Natürlich konnte es sich die Bahn nicht nehmen lassen, pünktlich zum Festival-Start ein paar Verspätungen und Ausfälle rauszuhauen. Wer es jedoch schweißgebadet aus den überfüllten Regionalzügen nach Bochum geschafft hatte, durfte sich freuen: Um 17 Uhr sah alles aus wie im Vorjahr. Bochum hatte sich erneut in die Fesival-Stadt verwandelt. Was zu diesem Zeitpunkt noch fehlte, waren die Menschenmassen. Als Käpt'n Moby mit kuscheligem Rock den Opener auf der Ringbühne machten, war durchaus noch Platz auf dem Beton vor den Securitys. Die Wärme schien ein paar Besucher erstmal ins Freibad gelockt zu haben statt in die innerste City. Dabei sorgten günstige Bierpreise und menschliche Rasensprenger für den nötigen Cooling-Effekt.
I am Jerry hatten es da schon kuscheliger. Traditionell ist die 1LIVE-Bühne der große Publikumsmagnet und die Jungs aus Bochum hatten zusätzlich ein Heimspiel, das sie souverän für sich entschieden.

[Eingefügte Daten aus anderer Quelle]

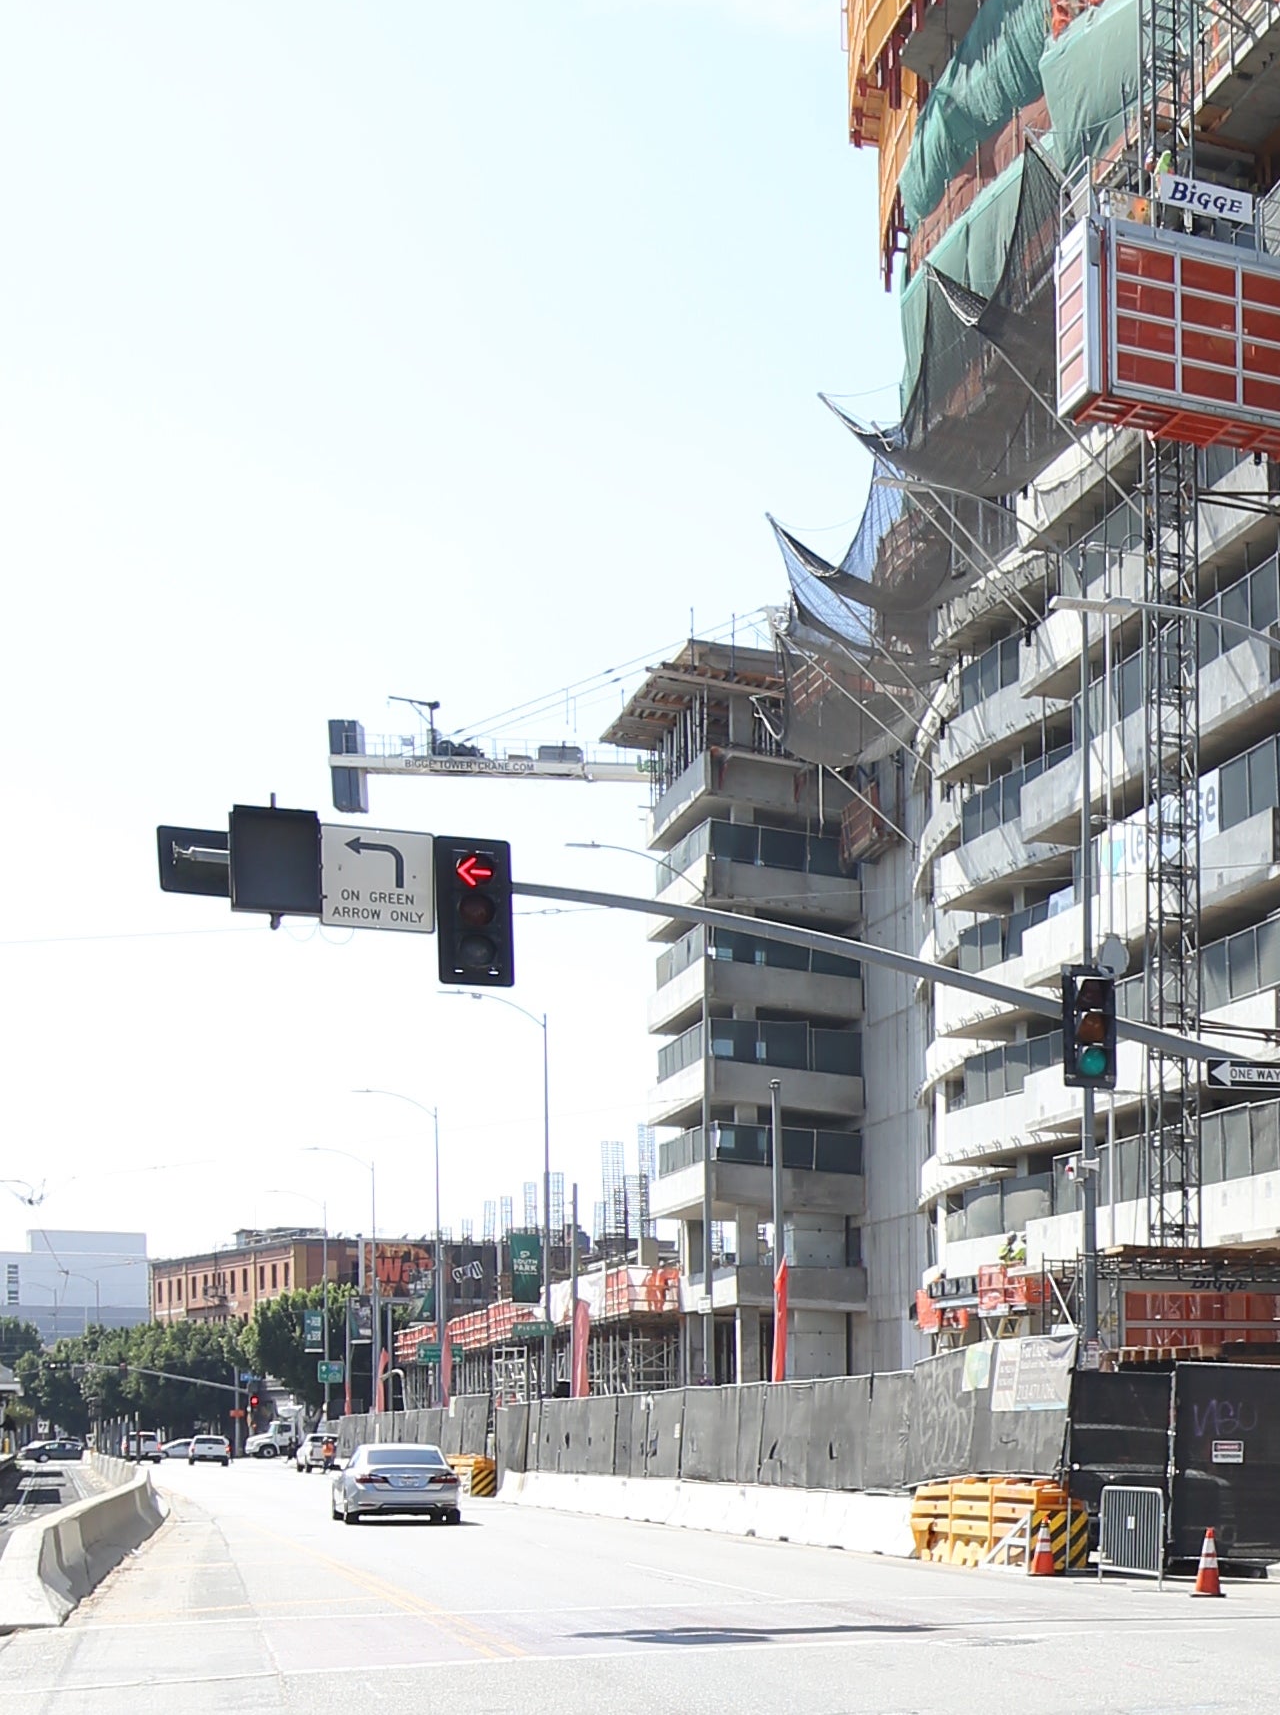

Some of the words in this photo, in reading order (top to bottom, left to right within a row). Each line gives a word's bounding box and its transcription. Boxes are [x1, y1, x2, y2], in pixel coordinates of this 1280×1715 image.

[404, 759, 435, 769] BIGGE
[438, 760, 474, 771] TOWER
[341, 889, 360, 901] ON
[369, 891, 415, 905] GREEN
[332, 906, 381, 920] ARROW
[390, 910, 425, 923] ONLY
[1230, 1068, 1253, 1080] ONE
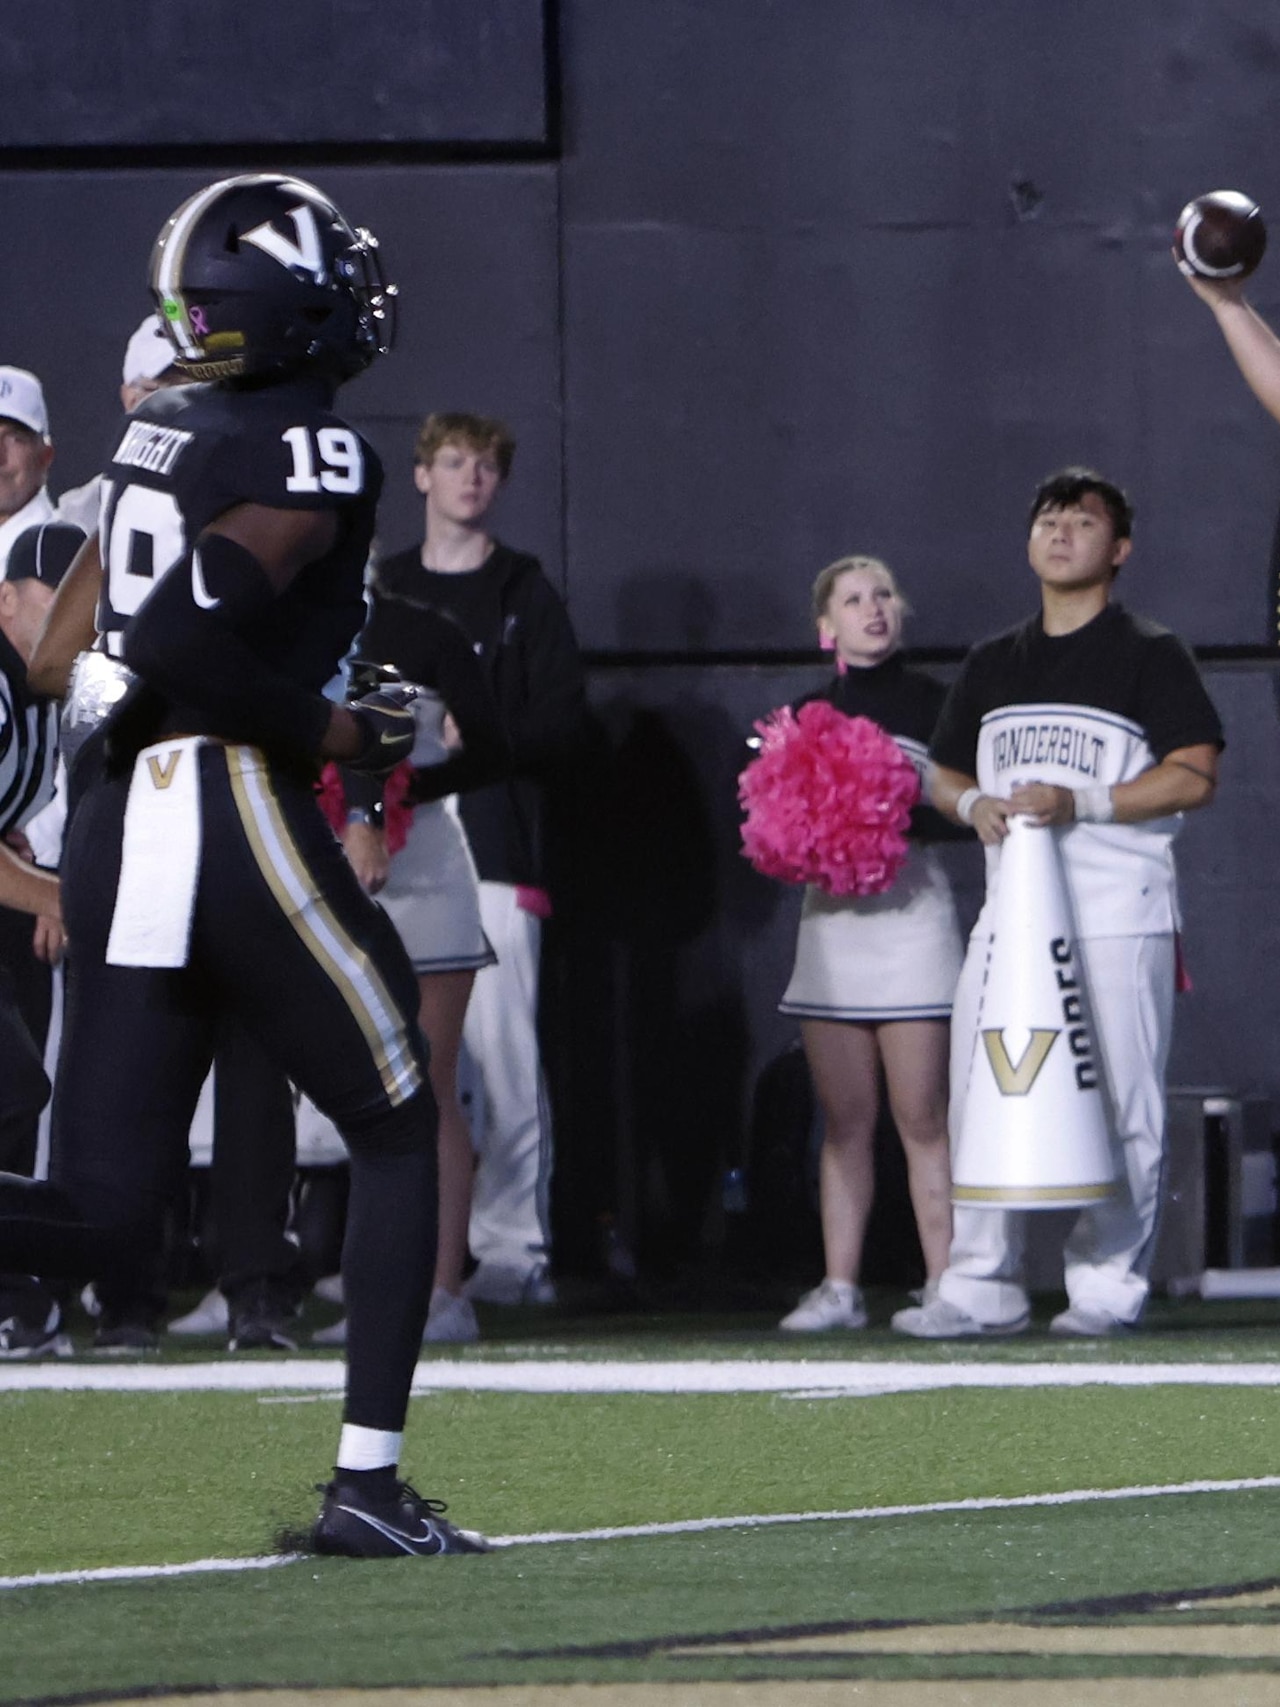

Die eigenwilligen Synthie-Sounds, gepaart mit schnodderigem Sprechgesang ließen nicht nur heute an Kraftklub denken, ohne sie jedoch zu kopieren. „Bochum, die Hände!“, forderten sie und Bochum lieferte. Während The Tips sich auf der Sparkassen-Bühne einskankten, machte sich King Automatic bereits warm, um das Staffelholz entgegenzunehmen. Um 18.15 Uhr machte sich der Master of „transglobal Rock’n’Roll“ auf, um mit Multitasking der extremen Art zu unterhalten. Schräge Gitarren, chrashige Beats und Orgel-Sounds der One-Man-Band kamen beim nun schon deutlich angewachsenen Publikum bestens an. Auch Botticelli Baby hatten die Meute mit ihren virtuosen Bläsersätzen und einer Hommage an Essen-Kray auf ihrer Seite. Lokalpatriotismus zieht halt immer.
Luxuslärm statt Twin Atlantic
Während auf der 1LIVE-Bühne in der Folge Phrasen gemäht wurden, durfte man sich vor der Ringbühne ein paar Jahrzehnte zurück versetzen lassen. Mehr als frivole Unterhaltung lieferten die drei Front-Frauen von Liptease. 60s-Dance-Rock’n’Roll, der akustisch und visuell im Gedächtnis blieb. Vielleicht der sexiest Netherland-Export seit langem. The Toasters gaben den Headliner auf der Sparkassen-Bühne und mancher Fan ist für die 2-Tone-Legende sogar aus Belgien angereist, wie eine junge Dame mit flämischem Aktzent verriet. Die New Yorker sind Genre-Helden und spielten sich auch an diesem Abend gewohnt cool, mit viel Understatement, fast schon Erfurcht, durch ihr 45-minütiges Set. Dabei ging es einmal quer durch die gut 25-jährige Bandgeschichte. Parallel schwitzten sich hartgesottene im Intershop zu stürmischem Punkrock von Polltax kaputt, oder supporteten Ersatz-Headliner Luxuslärm, die für die am Euro-Tunnel hängengebliebenen Twin Atlantic aus Schottland einsprangen und ihre Sache mehr als gut machten. Nicht zuletzt wegen ihres Hits „Atemlos“, welcher aus dem Mund von Frontfrau Janine Meyer deutliche erträglicher klang, als von einem gewissen Schlager-Sternchen.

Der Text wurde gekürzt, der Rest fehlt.